A dialética, elemento considerado um pilar do pensamento marxista, diz respeito ao diálogo entre o pensamento e a realidade, uma vez que transforma o contexto social e os indivíduos. Contraposta ao pensamento dicotômico que separa a realidade do pensamento e, com isso, traz uma lógica de raciocínio que se distancia da realidade, a dialética propõe a existência de uma comunicação de forma dinâmica, ao considerar as mudanças na sociedade e as contradições existentes nas relações entre sujeitos e objetos. Nossa tentativa ao partir de um estudo que considere a perspectiva dialética foi o de superar a visão dualista dos fatos em busca de uma análise que incorpore as contradições nas reflexões. Para a análise de nosso objeto de estudo a perspectiva dialética também possibilita analisar as práticas eruditas e populares para além da dicotomia historicamente presente neste campo.

Por fim, a compreensão da noção de sociedade em uma perspectiva dialética propõe uma análise do conhecimento a partir de uma realidade, de onde se parte, ao mesmo tempo, do pensamento que constitui tal conhecimento.
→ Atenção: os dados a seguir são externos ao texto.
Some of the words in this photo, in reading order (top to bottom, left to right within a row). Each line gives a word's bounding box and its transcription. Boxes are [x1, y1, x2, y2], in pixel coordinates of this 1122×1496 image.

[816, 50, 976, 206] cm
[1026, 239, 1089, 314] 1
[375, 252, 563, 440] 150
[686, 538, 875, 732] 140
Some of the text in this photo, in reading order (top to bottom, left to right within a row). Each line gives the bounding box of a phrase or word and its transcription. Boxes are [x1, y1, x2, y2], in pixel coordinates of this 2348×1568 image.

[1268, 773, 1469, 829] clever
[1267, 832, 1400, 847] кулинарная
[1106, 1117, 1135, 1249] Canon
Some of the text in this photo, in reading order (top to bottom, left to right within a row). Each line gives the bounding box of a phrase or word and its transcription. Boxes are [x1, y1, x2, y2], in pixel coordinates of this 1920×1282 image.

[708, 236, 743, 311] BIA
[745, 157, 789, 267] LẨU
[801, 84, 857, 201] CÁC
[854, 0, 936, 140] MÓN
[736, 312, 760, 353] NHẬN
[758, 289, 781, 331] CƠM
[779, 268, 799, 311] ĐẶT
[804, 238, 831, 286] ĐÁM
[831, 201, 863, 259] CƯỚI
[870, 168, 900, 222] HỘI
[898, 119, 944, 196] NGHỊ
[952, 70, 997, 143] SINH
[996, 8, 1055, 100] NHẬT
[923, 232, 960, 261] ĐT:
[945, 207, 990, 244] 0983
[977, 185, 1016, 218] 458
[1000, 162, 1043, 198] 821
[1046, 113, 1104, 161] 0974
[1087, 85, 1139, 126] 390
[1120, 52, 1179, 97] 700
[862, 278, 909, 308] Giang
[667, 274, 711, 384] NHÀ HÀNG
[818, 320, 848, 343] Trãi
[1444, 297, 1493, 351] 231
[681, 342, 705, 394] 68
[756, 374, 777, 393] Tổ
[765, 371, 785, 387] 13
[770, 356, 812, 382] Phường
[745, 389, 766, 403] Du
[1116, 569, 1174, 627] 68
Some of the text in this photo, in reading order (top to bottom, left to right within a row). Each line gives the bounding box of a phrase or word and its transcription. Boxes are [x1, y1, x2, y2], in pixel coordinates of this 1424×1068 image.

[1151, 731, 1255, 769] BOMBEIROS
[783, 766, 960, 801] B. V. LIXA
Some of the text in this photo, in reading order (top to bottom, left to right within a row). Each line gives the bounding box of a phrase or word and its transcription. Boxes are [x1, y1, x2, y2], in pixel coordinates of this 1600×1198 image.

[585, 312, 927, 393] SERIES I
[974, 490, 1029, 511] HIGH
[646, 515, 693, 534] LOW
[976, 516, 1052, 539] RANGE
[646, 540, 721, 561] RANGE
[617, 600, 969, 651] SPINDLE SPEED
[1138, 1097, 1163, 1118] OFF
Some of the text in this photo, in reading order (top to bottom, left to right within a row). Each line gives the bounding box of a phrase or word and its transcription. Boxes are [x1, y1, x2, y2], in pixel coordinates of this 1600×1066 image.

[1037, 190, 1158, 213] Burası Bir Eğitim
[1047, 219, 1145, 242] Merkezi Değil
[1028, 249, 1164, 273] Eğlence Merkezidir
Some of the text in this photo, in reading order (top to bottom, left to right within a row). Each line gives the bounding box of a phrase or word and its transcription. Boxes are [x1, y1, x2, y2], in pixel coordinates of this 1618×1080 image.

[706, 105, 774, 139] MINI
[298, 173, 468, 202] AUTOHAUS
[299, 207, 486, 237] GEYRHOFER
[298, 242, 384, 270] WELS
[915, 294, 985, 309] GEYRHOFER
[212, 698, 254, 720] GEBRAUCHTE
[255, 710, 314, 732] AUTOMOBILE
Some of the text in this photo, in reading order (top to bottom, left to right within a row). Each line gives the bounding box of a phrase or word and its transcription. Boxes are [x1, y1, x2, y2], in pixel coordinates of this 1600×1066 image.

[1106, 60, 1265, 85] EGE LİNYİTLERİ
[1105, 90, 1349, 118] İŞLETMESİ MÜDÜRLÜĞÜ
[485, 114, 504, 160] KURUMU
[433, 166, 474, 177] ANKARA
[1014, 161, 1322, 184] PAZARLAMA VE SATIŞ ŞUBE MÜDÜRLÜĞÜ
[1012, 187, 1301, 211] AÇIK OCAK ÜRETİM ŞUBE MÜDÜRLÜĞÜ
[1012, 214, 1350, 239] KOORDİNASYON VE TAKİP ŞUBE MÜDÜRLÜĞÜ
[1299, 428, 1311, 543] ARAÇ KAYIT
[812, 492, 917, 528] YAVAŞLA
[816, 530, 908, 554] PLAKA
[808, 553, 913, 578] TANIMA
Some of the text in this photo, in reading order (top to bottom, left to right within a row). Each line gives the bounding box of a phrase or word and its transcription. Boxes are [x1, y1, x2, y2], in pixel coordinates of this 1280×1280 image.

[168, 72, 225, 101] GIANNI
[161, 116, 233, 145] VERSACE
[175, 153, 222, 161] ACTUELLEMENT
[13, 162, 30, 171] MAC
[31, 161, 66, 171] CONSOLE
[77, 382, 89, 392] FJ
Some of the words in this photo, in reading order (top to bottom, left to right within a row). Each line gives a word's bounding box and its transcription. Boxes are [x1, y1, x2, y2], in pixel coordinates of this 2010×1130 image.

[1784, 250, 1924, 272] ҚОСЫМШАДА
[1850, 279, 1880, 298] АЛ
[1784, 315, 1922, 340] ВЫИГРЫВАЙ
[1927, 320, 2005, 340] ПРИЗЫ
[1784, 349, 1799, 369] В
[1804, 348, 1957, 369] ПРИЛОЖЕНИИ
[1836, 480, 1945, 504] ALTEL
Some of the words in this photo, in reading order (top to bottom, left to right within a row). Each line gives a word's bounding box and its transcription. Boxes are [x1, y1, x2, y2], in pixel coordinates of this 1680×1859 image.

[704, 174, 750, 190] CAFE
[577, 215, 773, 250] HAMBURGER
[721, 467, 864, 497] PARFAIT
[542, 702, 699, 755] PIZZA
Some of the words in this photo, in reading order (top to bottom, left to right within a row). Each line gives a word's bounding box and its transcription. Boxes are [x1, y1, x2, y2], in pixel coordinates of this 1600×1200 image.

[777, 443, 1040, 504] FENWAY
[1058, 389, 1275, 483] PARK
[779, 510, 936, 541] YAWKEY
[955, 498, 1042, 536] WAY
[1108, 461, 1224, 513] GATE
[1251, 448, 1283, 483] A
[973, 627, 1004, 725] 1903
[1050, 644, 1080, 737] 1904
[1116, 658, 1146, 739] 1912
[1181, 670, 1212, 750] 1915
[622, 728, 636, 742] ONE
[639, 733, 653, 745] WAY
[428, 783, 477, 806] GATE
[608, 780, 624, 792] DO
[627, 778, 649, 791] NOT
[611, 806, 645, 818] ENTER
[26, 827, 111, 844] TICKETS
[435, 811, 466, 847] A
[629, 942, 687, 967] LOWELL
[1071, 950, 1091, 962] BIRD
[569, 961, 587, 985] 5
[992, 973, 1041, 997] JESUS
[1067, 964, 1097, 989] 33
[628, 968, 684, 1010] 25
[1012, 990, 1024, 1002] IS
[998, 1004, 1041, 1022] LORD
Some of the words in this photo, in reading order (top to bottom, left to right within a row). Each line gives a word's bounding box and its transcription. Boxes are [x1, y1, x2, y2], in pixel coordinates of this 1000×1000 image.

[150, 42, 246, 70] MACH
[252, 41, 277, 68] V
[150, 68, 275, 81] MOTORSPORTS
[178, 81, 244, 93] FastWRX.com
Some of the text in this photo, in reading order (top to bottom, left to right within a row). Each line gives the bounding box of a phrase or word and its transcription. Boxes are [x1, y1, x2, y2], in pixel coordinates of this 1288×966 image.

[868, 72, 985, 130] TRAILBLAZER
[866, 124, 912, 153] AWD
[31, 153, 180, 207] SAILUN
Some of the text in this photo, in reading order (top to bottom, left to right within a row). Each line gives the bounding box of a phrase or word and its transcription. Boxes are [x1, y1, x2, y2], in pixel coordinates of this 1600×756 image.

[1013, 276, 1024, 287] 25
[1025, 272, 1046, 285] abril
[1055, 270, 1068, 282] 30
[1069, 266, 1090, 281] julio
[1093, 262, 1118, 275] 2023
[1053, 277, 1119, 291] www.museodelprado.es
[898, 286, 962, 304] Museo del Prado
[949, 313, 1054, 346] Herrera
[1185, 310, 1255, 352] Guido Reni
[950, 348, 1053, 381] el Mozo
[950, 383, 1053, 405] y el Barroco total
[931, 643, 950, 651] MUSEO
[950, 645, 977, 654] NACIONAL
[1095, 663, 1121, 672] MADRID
A dialética coloca-nos diante da presença de contradições no conhecimento e da comunicação entre estas contradições. Tal temática tem servido de debate entre filósofos, cientistas sociais e pesquisadores das mais diversas áreas e é apontada por Prado Júnior:

Penso que se a questão da dialética marxista não for colocada em termos tais suscetíveis de servir de base e ponto de partida para a explicitação de um método científico, isto é, de normas precisas para a condução do pensamento na elaboração do conhecimento, e isto generalizadamente e não apenas na de um ou de outro fato histórico, não se estará no caminho certo. Não me parece

que o destino da dialética materialista seja o de mais um tema para os confusos debates no estilo ordinário da filosofia, ou antes, da metafísica, como tem sido tão frequentemente dialética materialista deve ter uma finalidade prática, tornando-se efetivamente (e não apenas por intuição é vago pressentimento) um método explicitado capaz de orientar a elaboração do conhecimento e a pesquisa científica. Isto em qualquer terreno. (PRADO JÚNIOR, s/d, p.5).

Ao analisar a formação de professores a partir do MHD11, Materialismo Histórico Dialético, buscamos “considerar os educandos enquanto indivíduos concretos, que se manifestam como unidade de diversidade, uma rica totalidade de determinações e de relações numerosas síntese de relações sociais.” (SAVIANI, 2005, p.45). Dessa forma, ao pesquisarmos as práticas artísticas de licenciandos em formação, buscamos múltiplas determinações em uma dimensão dialética que a realidade considere as contradições existentes, uma vez que: “O materialismo histórico e dialético postula uma outra epistemologia, uma teoria do conhecimento que procura conhecer o objeto a partir de sua situação real, buscando identificar concretamente o movimento histórico que lhe deu origem e o desenvolveu.” (MARTINS, 2008, p.146).